The word Paint comes from the Latin “Pingere” which is closer in meaning to “tattoo” than to actually painting a surface as it literally translates into “to cut” or “to mark”. Today there are many kinds of paints serving several different purposes: art; décor; a means of protecting surfaces, and; even military. Whatever the purpose, paint today has four major ingredients – pigments, binders, solvents and additives.
What’s in Paint?
Pigments determine the color, hue and sometimes texture or feel of paint. These are made synthetically through chemical reactions, or found naturally from organic sources such as clay, or mineral deposits.
Binders literally bind the pigments to a surface. They determine how easy it is to apply a coat of paint to a particular surface; how hard it is to wash or scrape it off, and; how long it will last or retain its vibrancy.
Solvents exist to help keep it in its semi-fluid state. Without solvents paint would start to break apart into it’s primary ingredients or clump together and form globs.

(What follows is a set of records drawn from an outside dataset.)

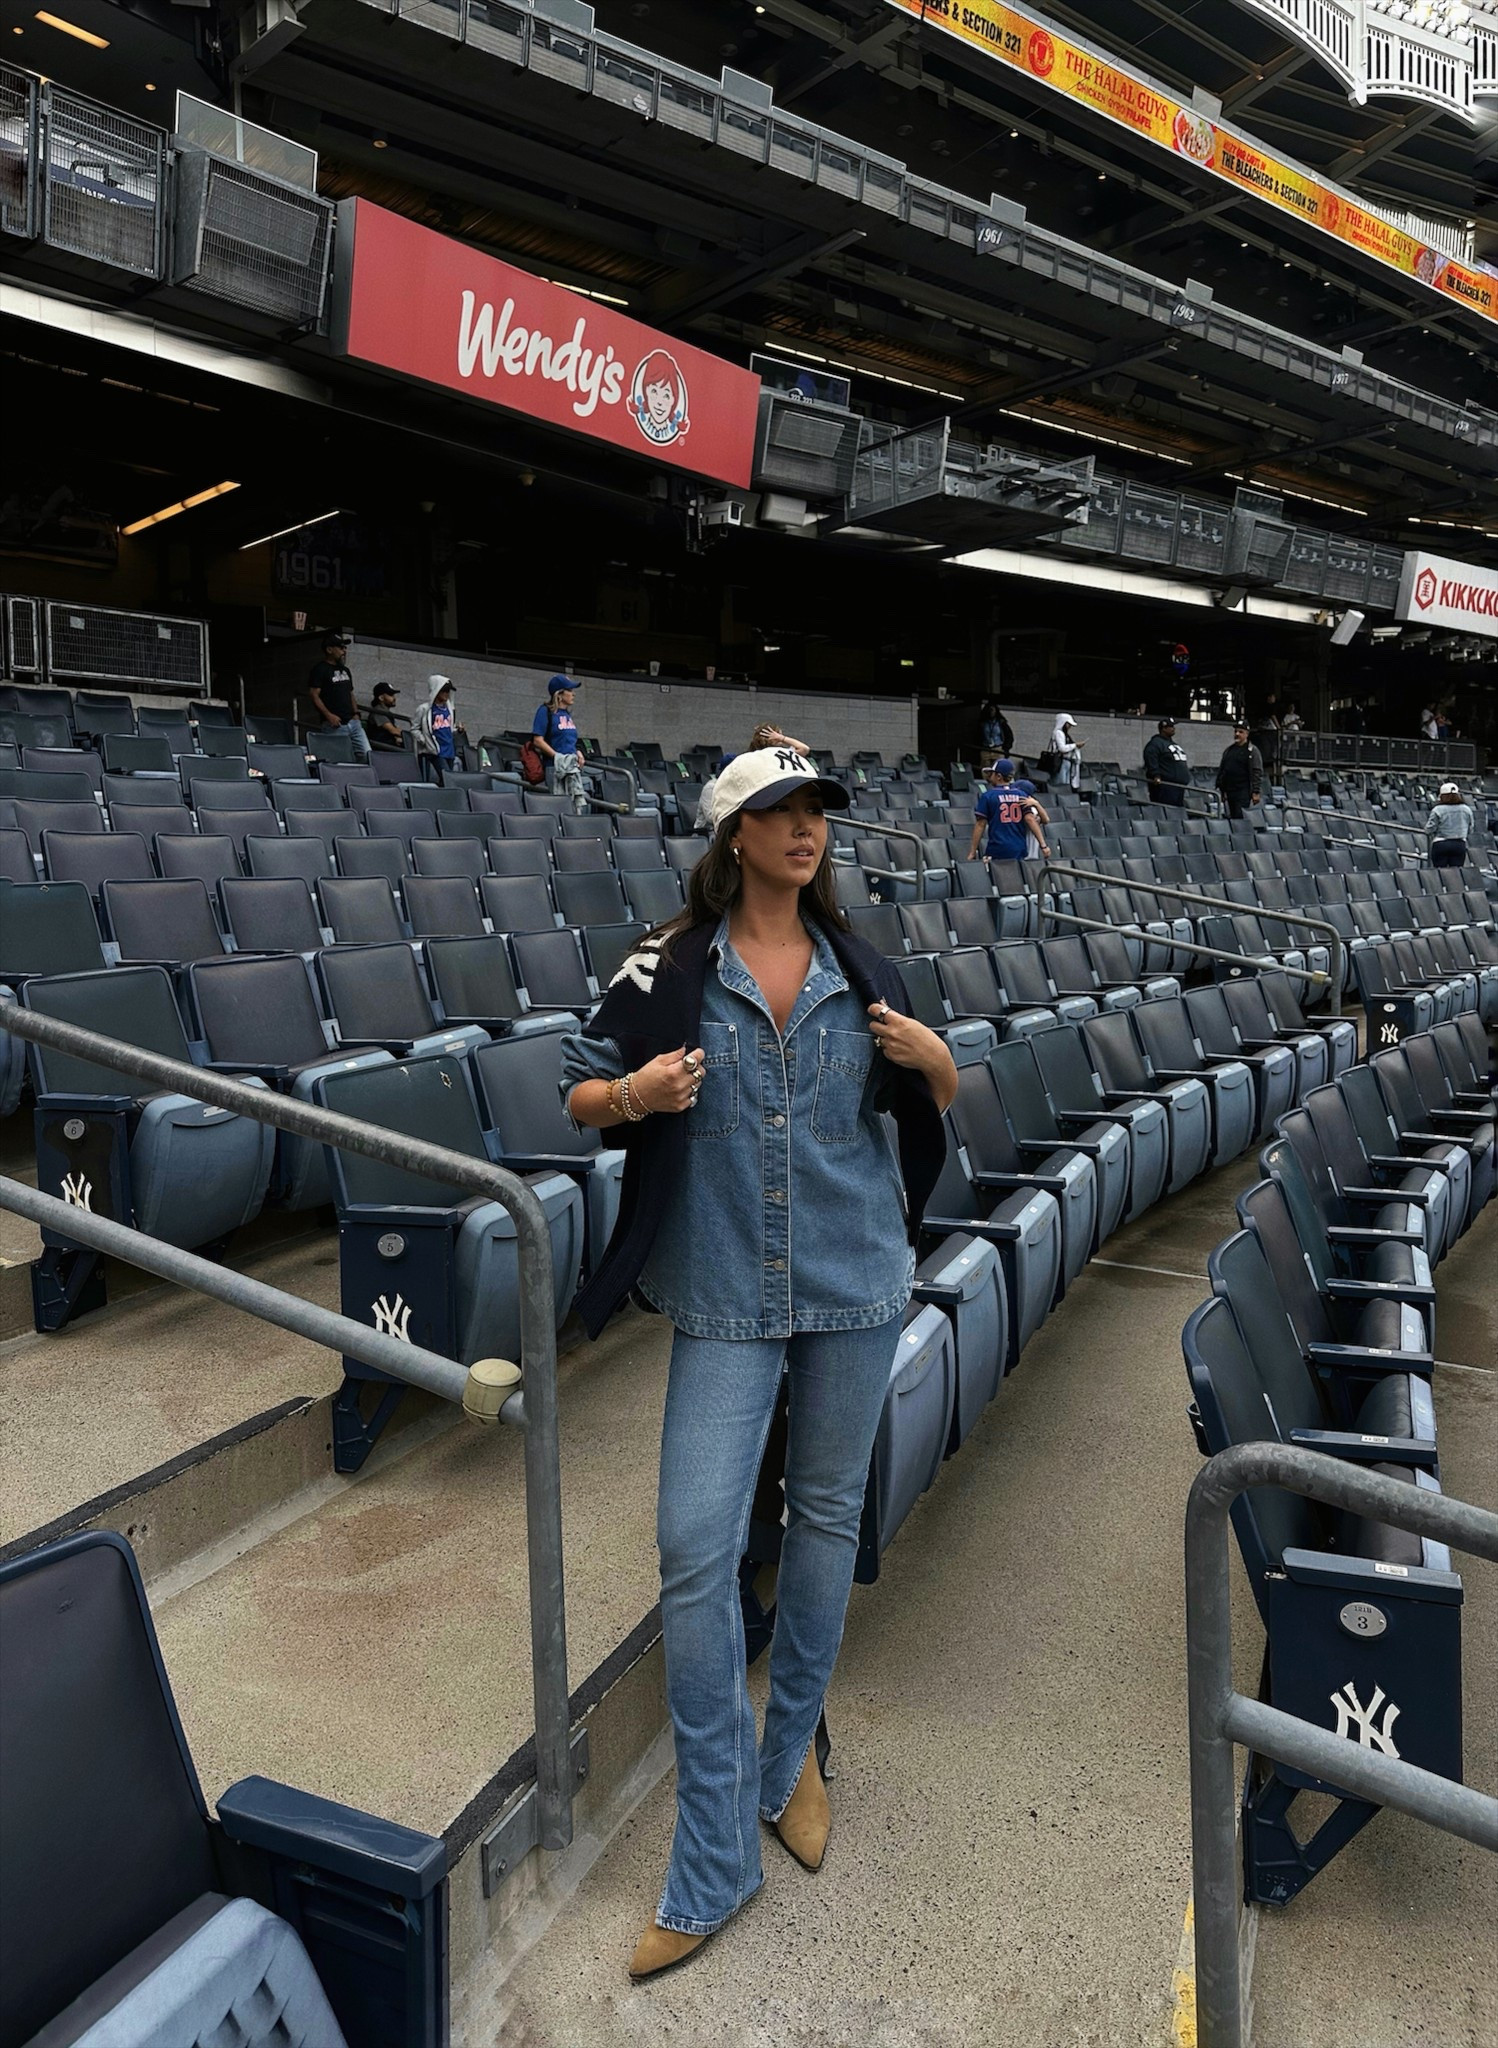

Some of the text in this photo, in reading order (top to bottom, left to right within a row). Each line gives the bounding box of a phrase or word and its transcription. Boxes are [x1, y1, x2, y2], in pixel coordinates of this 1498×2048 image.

[952, 2, 959, 21] &
[962, 8, 1003, 44] SECTION
[1004, 32, 1021, 55] 321
[1066, 50, 1091, 80] THE
[1094, 66, 1134, 105] HALAL
[1137, 91, 1168, 122] GUYS
[1222, 150, 1235, 171] THE
[1236, 158, 1273, 190] BLEACHERS
[1274, 180, 1279, 194] &
[1280, 183, 1306, 209] SECTION
[1307, 198, 1318, 215] 321
[978, 227, 1003, 244] 1961
[1346, 207, 1363, 229] THE
[1364, 218, 1390, 244] HALAL
[1391, 234, 1413, 255] GUYS
[1173, 304, 1195, 321] 1962
[458, 290, 624, 417] Wendy's
[1332, 373, 1349, 385] 1977
[278, 551, 342, 591] 1961
[775, 749, 806, 772] NY
[1000, 803, 1021, 823] 20
[1380, 1022, 1399, 1043] NY
[72, 1126, 77, 1136] 6
[60, 1171, 92, 1212] NY
[387, 1242, 394, 1252] 5
[371, 1292, 412, 1344] NY
[1357, 1616, 1368, 1630] 3
[1330, 1681, 1401, 1759] NY

Additives are ingredients in that provide specific properties. These properties may be task oriented – such as ensuring that a certain paint lasts longer, dries faster, fights corrosion, is resistant to UV light, or is easier to use, or; unique – such as paint that kills insects, fungi, bacteria, or produces a certain desired texture.
The Colorful History
Early Homo Sapiens used paint for art purposes as far back as 40,000 years ago. It is one of the earliest inventions of prehistoric man who made it out of natural clay, iron oxide and charcoal. It’s use on an interior wall for decorative purposes occurred 5,000 years ago. A heritage site in Scotland called the Ness of Brodgar, has a interiors covered in yellow clay pigment mixed with animal fat. The Egyptians were the first to use of paint to protect surfaces 2,000 years ago by n Dendera, Egypt. They used a mixture of gypsum mixed with white calcite and gum arabica taken from Acacia trees. The colors used by the Egyptians has managed to stay radiant till today.
The Greeks would replace the use of egg, beeswax or resin as a binder by replacing them with lead – which would lead to all sorts of health issues well into modern times. However the mass production of paint – and it’s modern day uses – would not begin till the 17th century.